Referring expression grounding data
☆ ☆ ☆ ☆ ☆ ☆ ☆

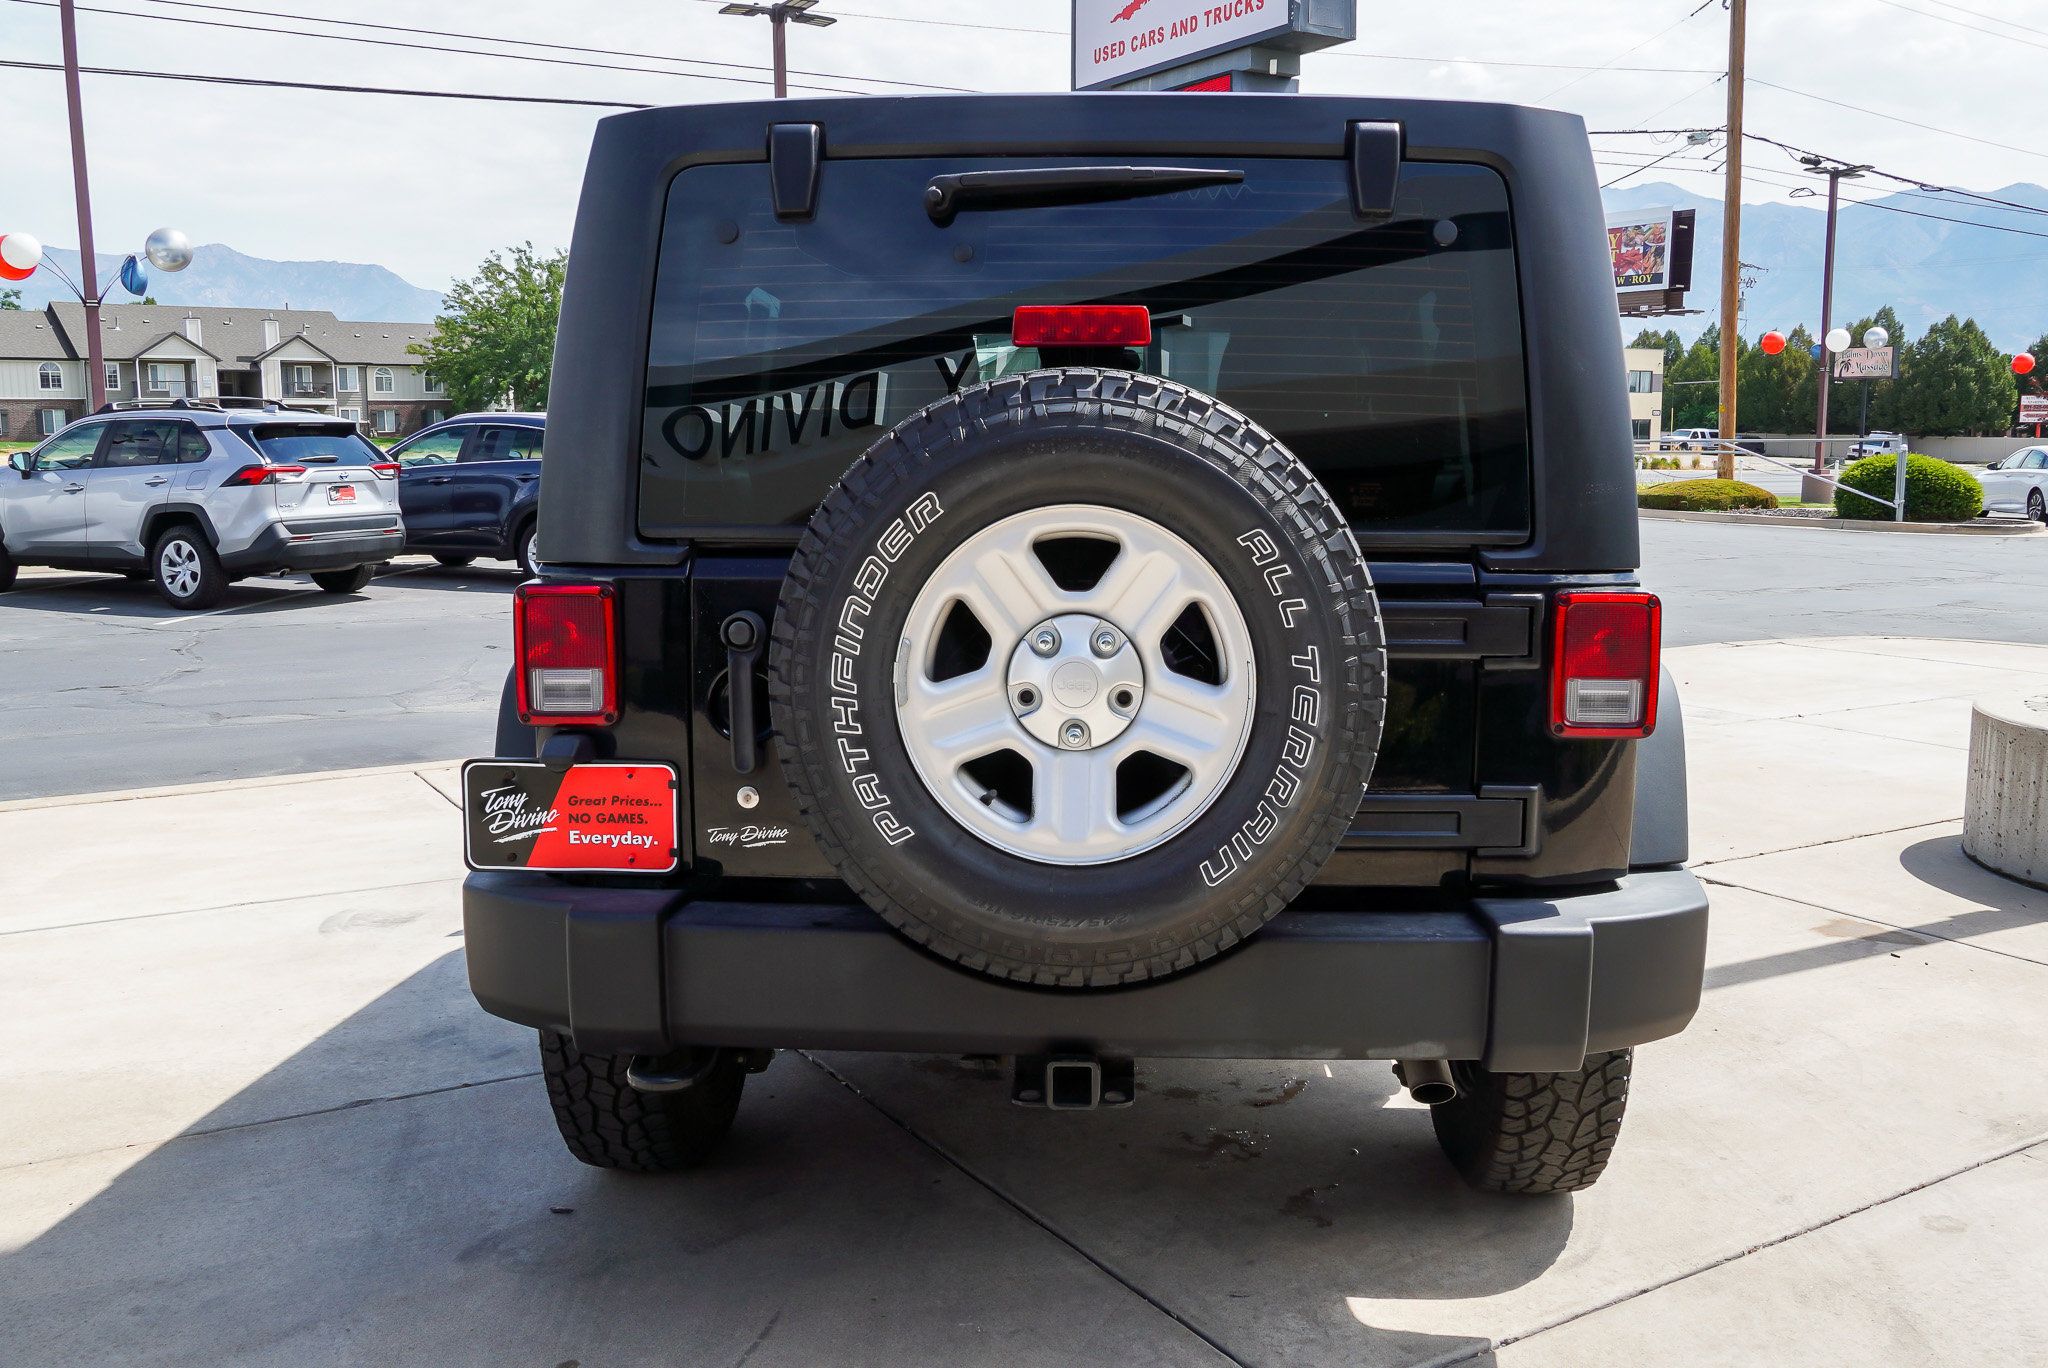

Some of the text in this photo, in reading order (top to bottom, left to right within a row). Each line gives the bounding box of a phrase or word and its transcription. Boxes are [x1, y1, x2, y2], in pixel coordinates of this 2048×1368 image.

[1094, 0, 1265, 65] USED CARS AND TRUCKS
[1851, 362, 1889, 374] Massage
[831, 491, 944, 845] PATHFINDER
[1199, 528, 1321, 887] ALL TERRAIN
[481, 785, 529, 814] Tony
[568, 795, 663, 807] Great Prices...
[482, 806, 560, 834] Divino
[568, 813, 648, 824] NO GAMES.
[568, 830, 659, 848] Everyday.
[707, 825, 789, 846] Tony Divino

☆ ☆ ☆ ☆ ☆ ☆ ☆

**TASK DESCRIPTION**
Your reply should restate every entry exactly, with the pictures left out.

**PROBLEM SOLUTION**
Some of the text in this photo, in reading order (top to bottom, left to right within a row). Each line gives the bounding box of a phrase or word and its transcription. Boxes are [x1, y1, x2, y2], in pixel coordinates of this 2048×1368 image.

[1094, 0, 1265, 65] USED CARS AND TRUCKS
[1851, 362, 1889, 374] Massage
[831, 491, 944, 845] PATHFINDER
[1199, 528, 1321, 887] ALL TERRAIN
[481, 785, 529, 814] Tony
[568, 795, 663, 807] Great Prices...
[482, 806, 560, 834] Divino
[568, 813, 648, 824] NO GAMES.
[568, 830, 659, 848] Everyday.
[707, 825, 789, 846] Tony Divino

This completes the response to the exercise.